> _Task instructions_
Please output exactly the lines from the one containing "this 1680×2193 image." through the last line of the records, both included.

[[ Available records, beginning ]]

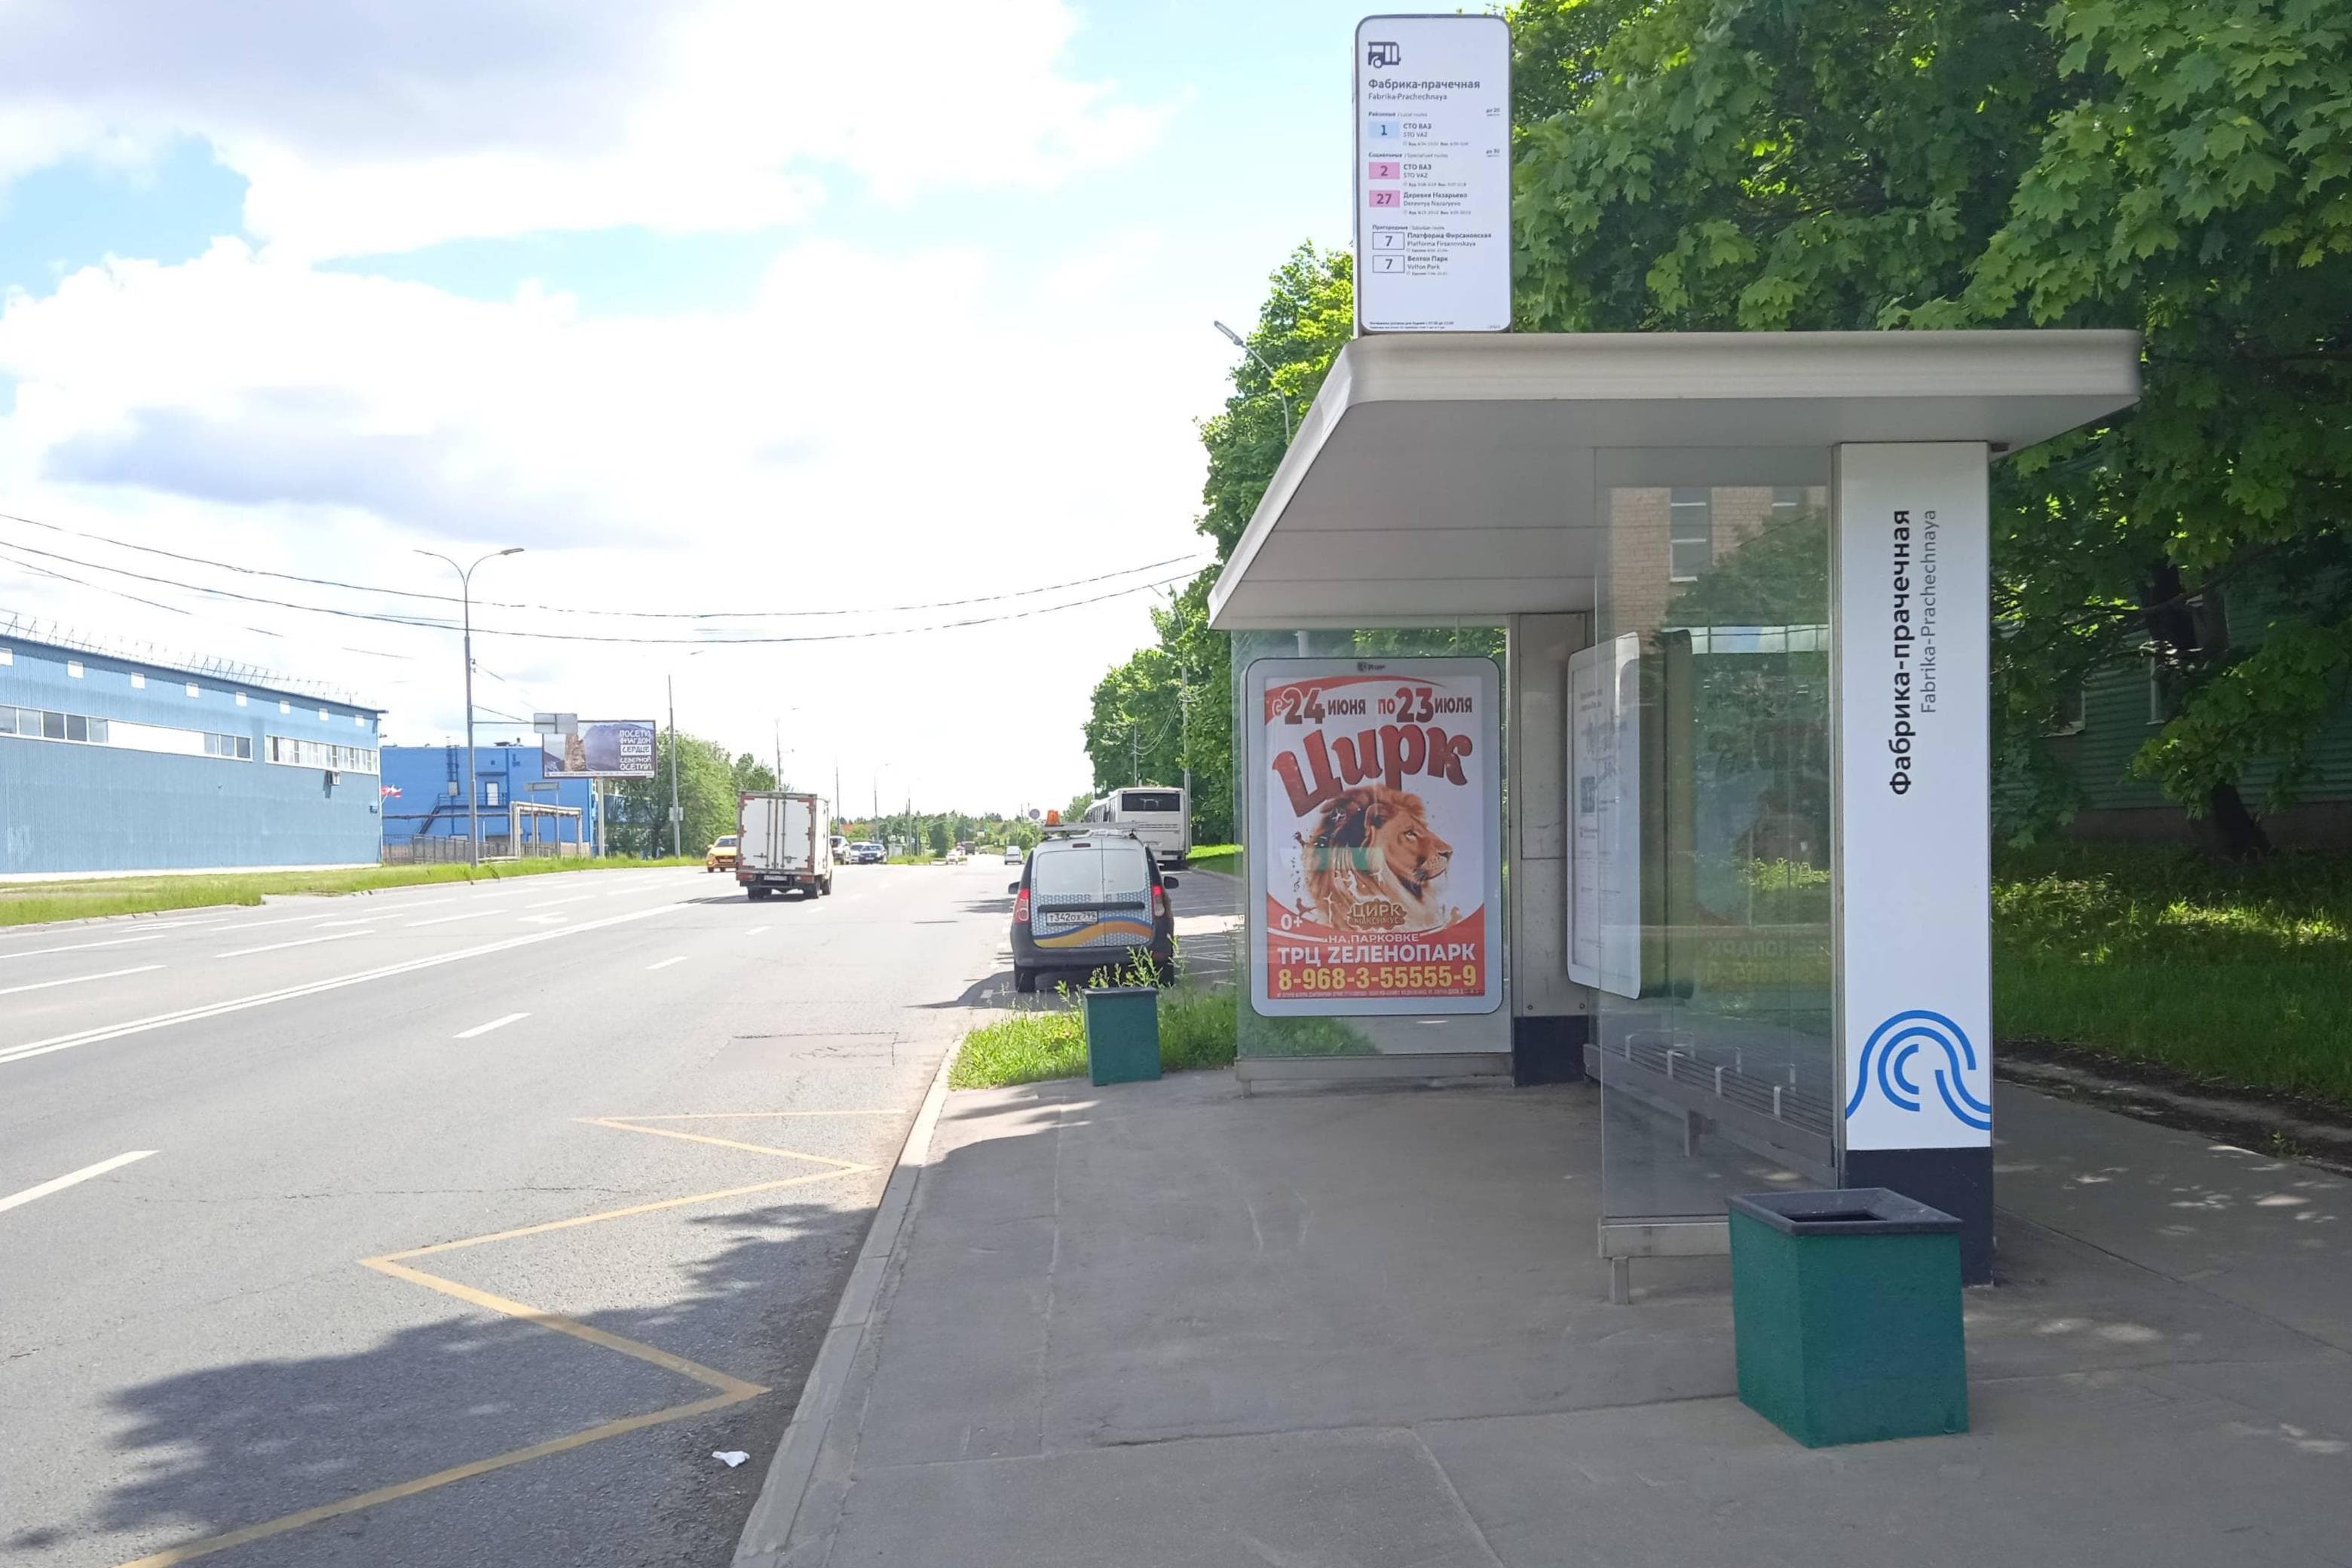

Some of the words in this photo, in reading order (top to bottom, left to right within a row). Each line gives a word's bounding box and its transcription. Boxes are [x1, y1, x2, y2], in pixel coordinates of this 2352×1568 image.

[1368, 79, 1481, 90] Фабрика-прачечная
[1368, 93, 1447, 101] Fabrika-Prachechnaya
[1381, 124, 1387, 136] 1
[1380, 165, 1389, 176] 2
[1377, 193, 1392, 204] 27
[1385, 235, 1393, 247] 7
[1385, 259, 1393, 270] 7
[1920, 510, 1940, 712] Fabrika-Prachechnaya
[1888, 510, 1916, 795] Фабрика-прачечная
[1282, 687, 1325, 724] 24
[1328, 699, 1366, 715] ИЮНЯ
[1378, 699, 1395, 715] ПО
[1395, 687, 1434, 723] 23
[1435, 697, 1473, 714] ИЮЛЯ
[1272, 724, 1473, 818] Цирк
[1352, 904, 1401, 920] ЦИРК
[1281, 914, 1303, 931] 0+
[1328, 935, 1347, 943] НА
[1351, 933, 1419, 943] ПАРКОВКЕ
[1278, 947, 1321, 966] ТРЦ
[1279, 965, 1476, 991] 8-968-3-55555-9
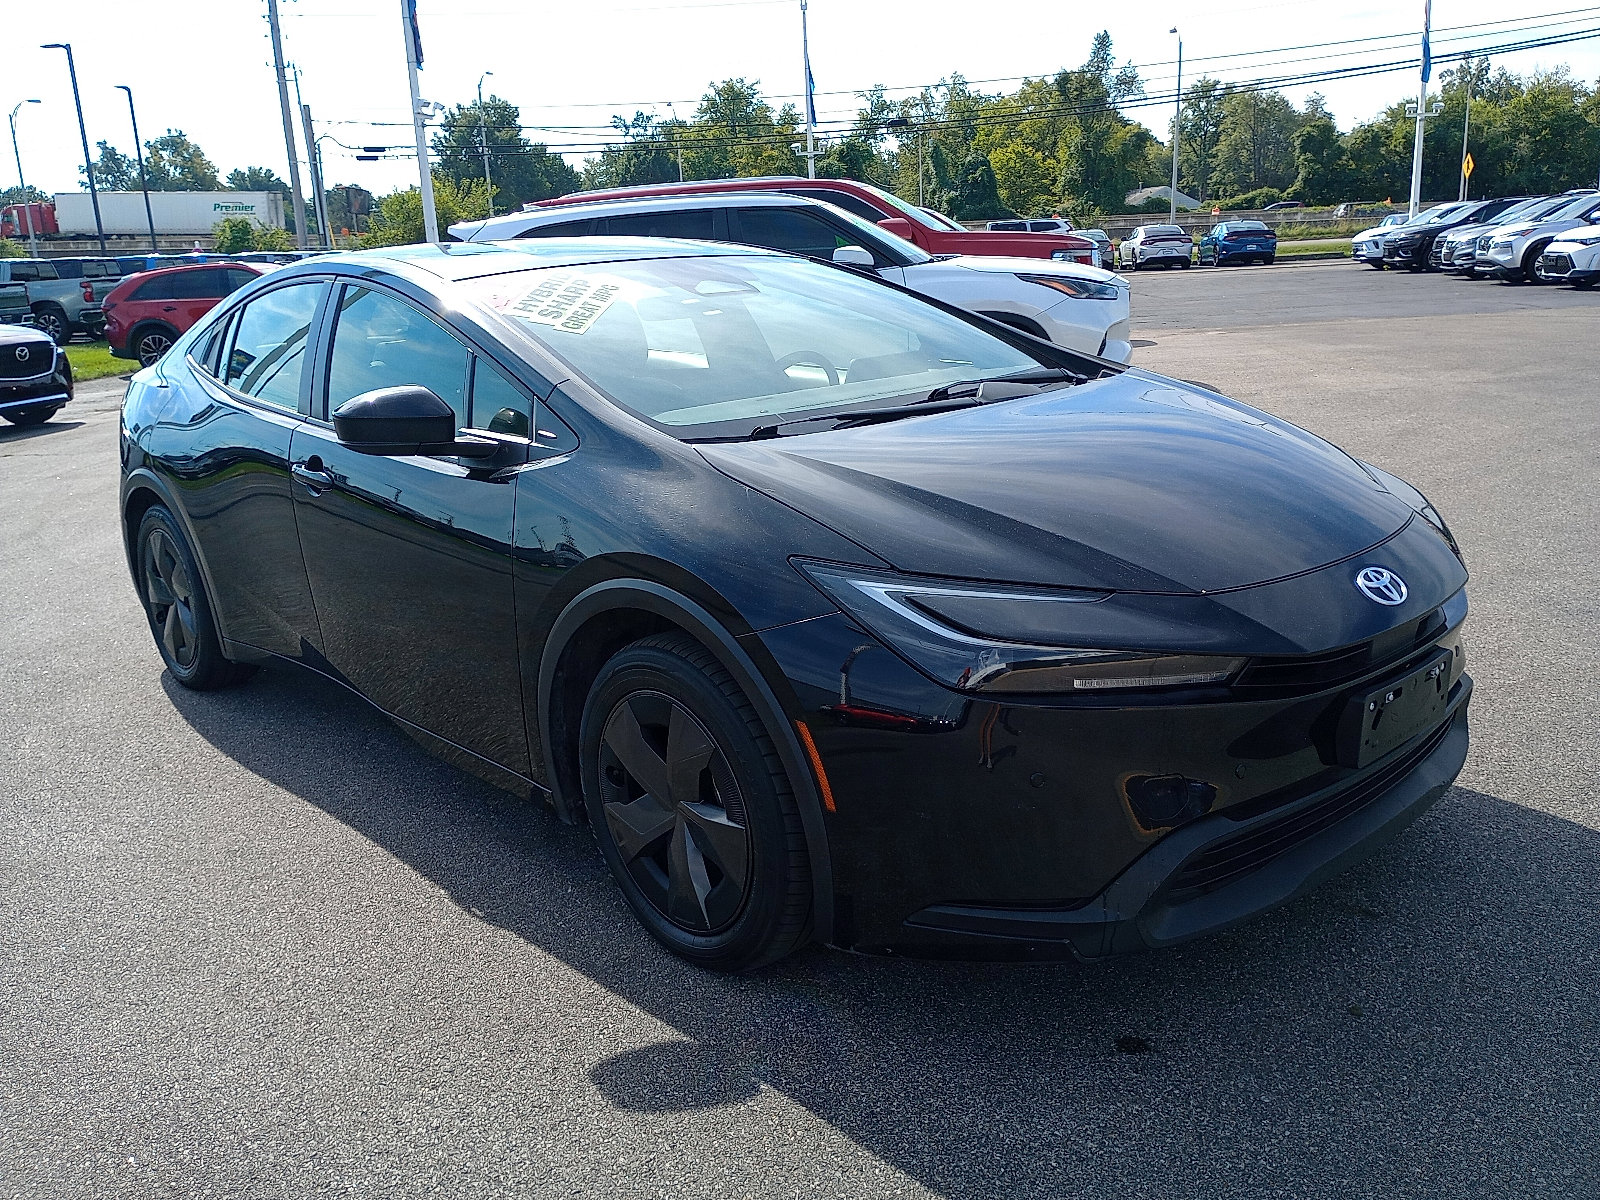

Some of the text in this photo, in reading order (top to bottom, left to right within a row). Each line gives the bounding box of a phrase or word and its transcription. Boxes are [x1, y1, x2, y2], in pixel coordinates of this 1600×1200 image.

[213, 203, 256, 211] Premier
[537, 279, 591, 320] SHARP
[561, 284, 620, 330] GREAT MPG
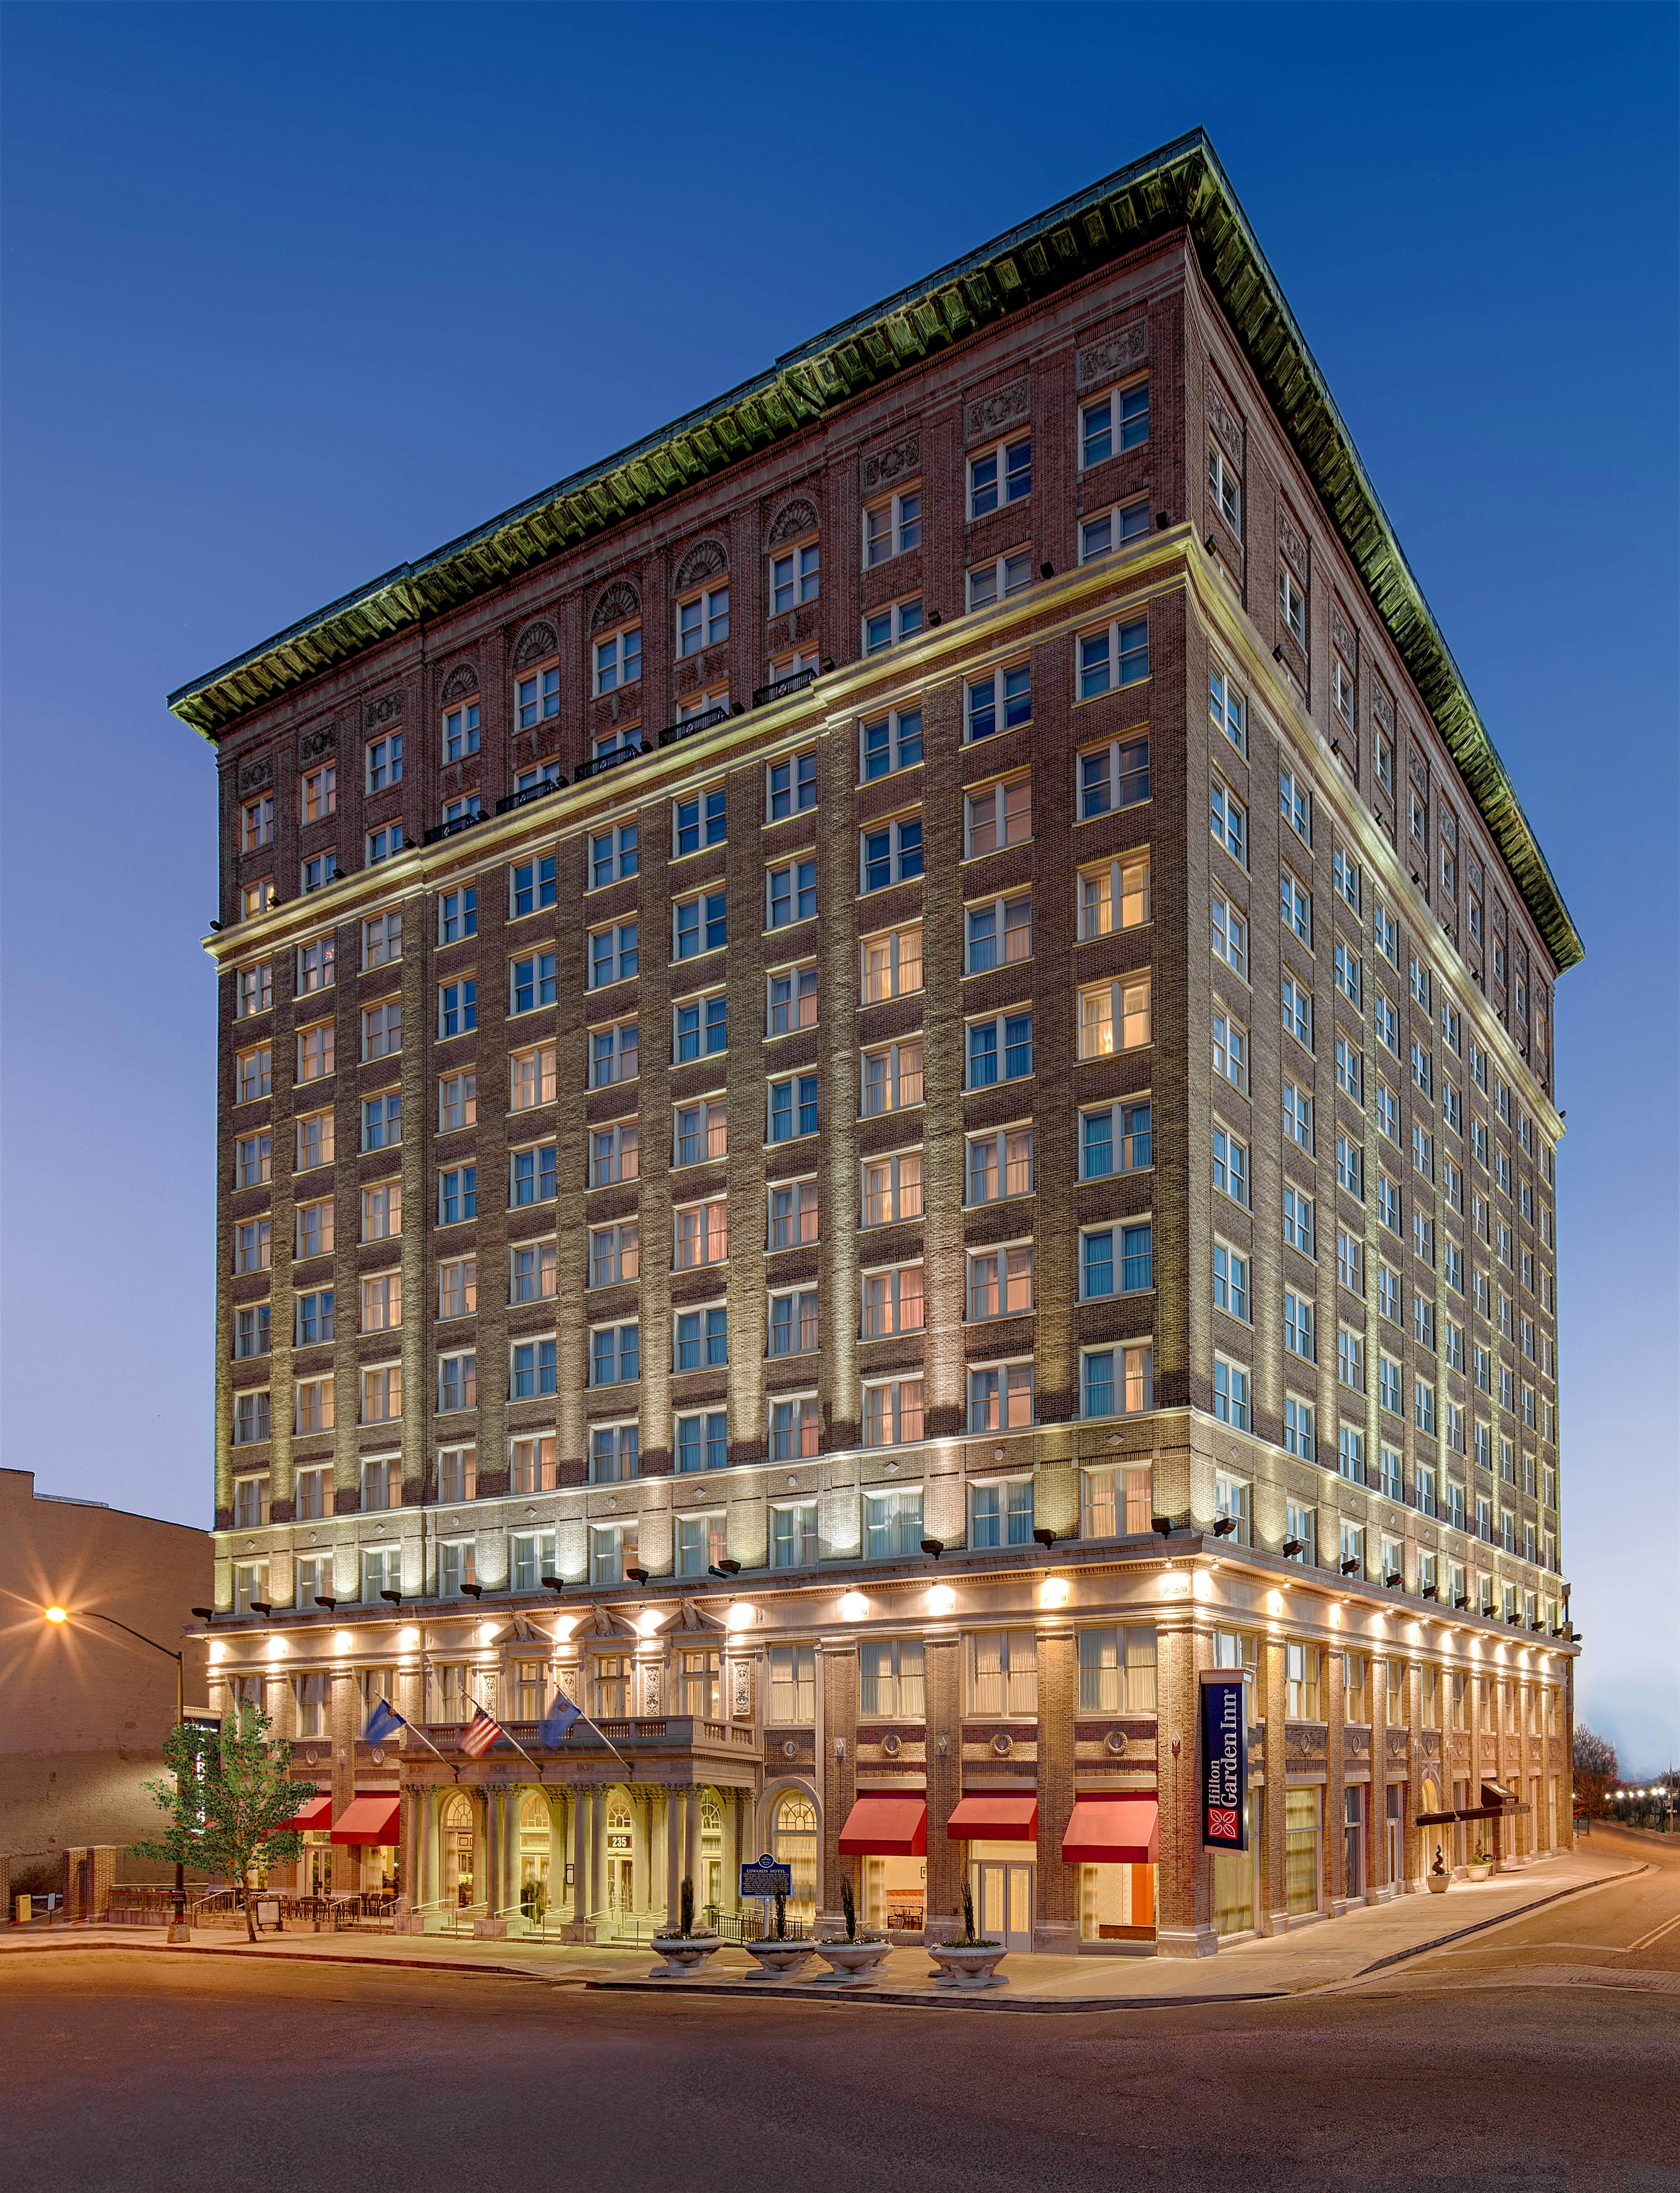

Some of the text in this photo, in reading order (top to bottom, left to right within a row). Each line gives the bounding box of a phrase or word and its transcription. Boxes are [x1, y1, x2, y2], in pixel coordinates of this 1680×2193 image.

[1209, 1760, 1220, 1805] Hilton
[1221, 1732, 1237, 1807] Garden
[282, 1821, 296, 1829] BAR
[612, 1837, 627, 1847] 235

[[ Available records, end ]]

> _Output of the exercise_
Some of the text in this photo, in reading order (top to bottom, left to right within a row). Each line gives the bounding box of a phrase or word and its transcription. Boxes are [x1, y1, x2, y2], in pixel coordinates of this 1680×2193 image.

[1209, 1760, 1220, 1805] Hilton
[1221, 1732, 1237, 1807] Garden
[282, 1821, 296, 1829] BAR
[612, 1837, 627, 1847] 235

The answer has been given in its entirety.